JR北海道(島田修社長)は5日、札幌市内の本社ビルで国からの監督命令に基づく第三者委員会「経営改善委員会」の第2回会合を開いた。新型コロナウイルスの影響を受けた経営改善施策の妥当性や課題などについて議論。島田社長は「終息後をにらんだ計画、戦略の具体性が不十分という意見もあった。スピード感を持って対応したい」とし、「訪日外国人旅行者(インバウンド)を単に元に戻すのではなく、旅客がアジアの国々に偏り、道央圏に集中している状況などを解決しなければ『アフターコロナ』に対応できないと思っている」と述べた。
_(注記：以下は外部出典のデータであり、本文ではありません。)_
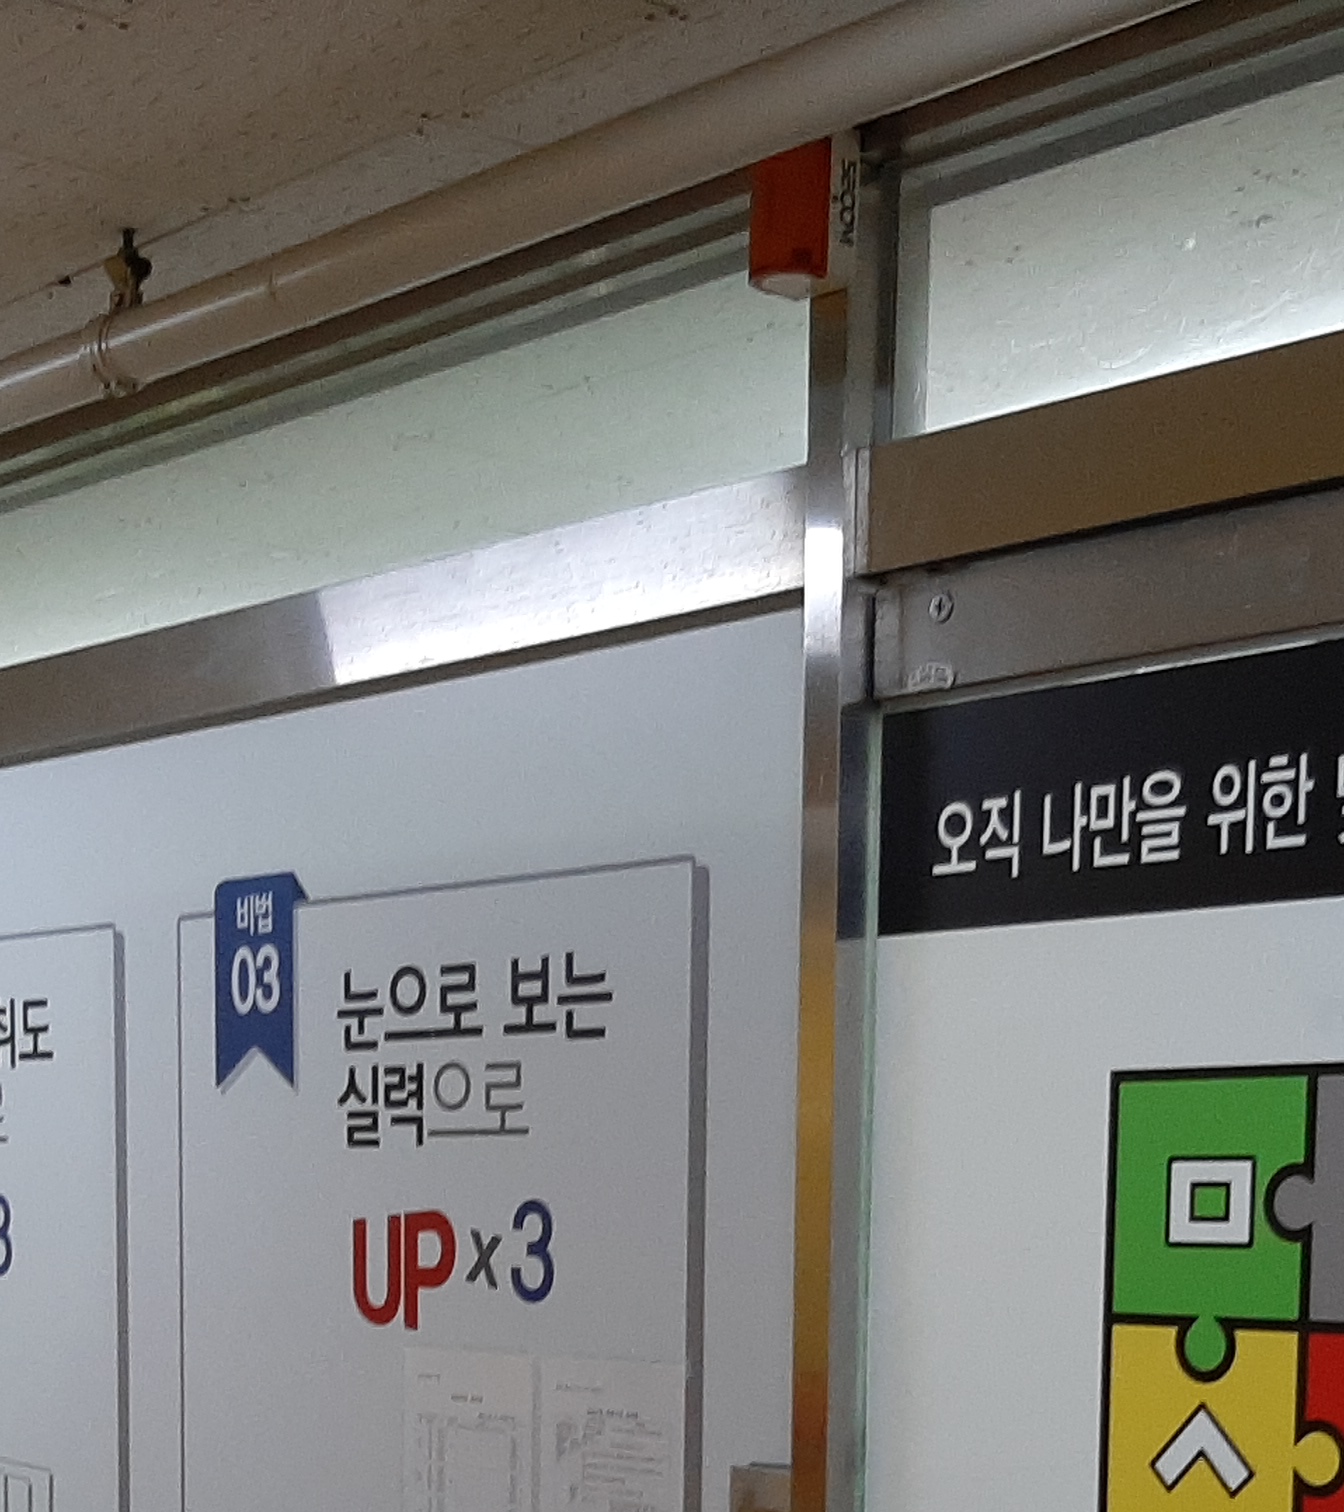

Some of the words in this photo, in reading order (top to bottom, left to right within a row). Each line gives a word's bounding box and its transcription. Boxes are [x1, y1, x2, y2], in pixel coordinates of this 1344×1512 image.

第三者委は昨年11月にスタート。有識者がJR北海道の経営改善策について提言している。今回の会合は新型コロナウイルスの感染防止のため、東京都内と本社の委員がオンラインで開催。非公開で進行し、終了後、島田社長が記者団の取材に応じた。
会合は7月以降、国内観光により需要が緩やかに回復することを想定して議論。年間200億~300億円の減収が見込まれることから資金対策も急務となっており、「想定よりも悪化することを予測して危機対応すべきだ」「資金繰りのための自助努力をしっかりすることが重要」「経営再建計画のスピードを上げるべきだ」といった意見が上がったという。
2019年度の経営改善の取り組みについては「第3四半期まではおおむね順調だ」との声があったという。
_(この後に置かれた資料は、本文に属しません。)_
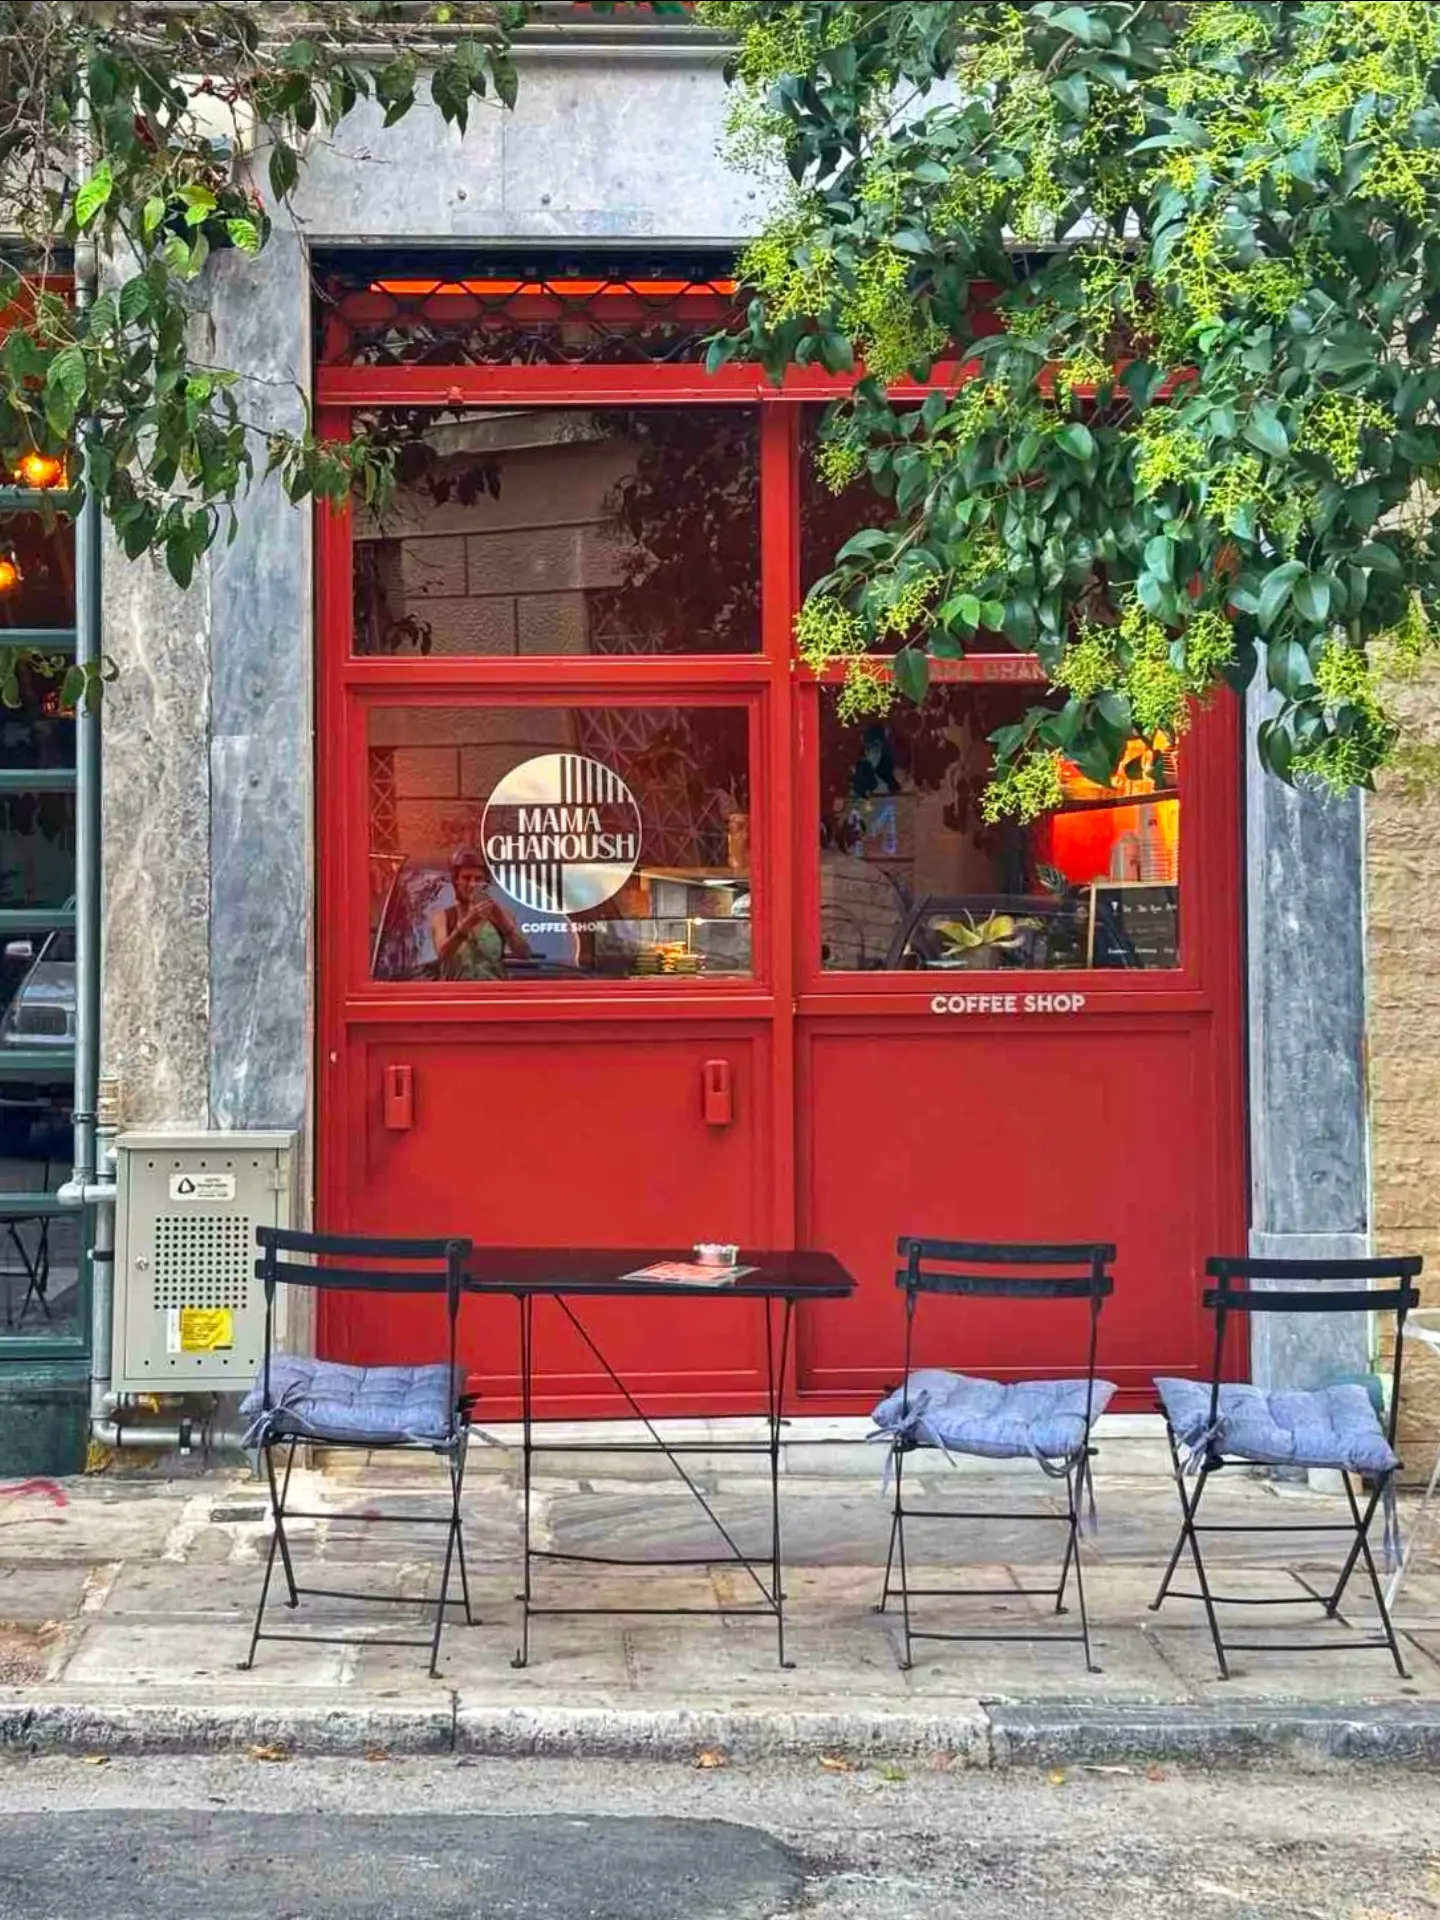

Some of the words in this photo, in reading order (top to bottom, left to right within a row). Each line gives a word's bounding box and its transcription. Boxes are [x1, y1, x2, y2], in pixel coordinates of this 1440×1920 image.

[518, 807, 602, 833] MAMA
[487, 833, 635, 861] GHANOUSH
[521, 922, 568, 933] COFFEE
[931, 995, 1017, 1014] COFFEE
[1023, 993, 1086, 1013] SHOP
また、島田社長は、バスへの転換が決まっている日高線一部区間の沿線にある様似町などの7町に対し、バスの運行、駅舎の活用支援に関する協議が進行していることにも言及。JR北が示した支援総額は25億円とされるが、「具体的なコメントは差し控えたい」とし、「解決に向けて大きく前進していると認識している」と述べた。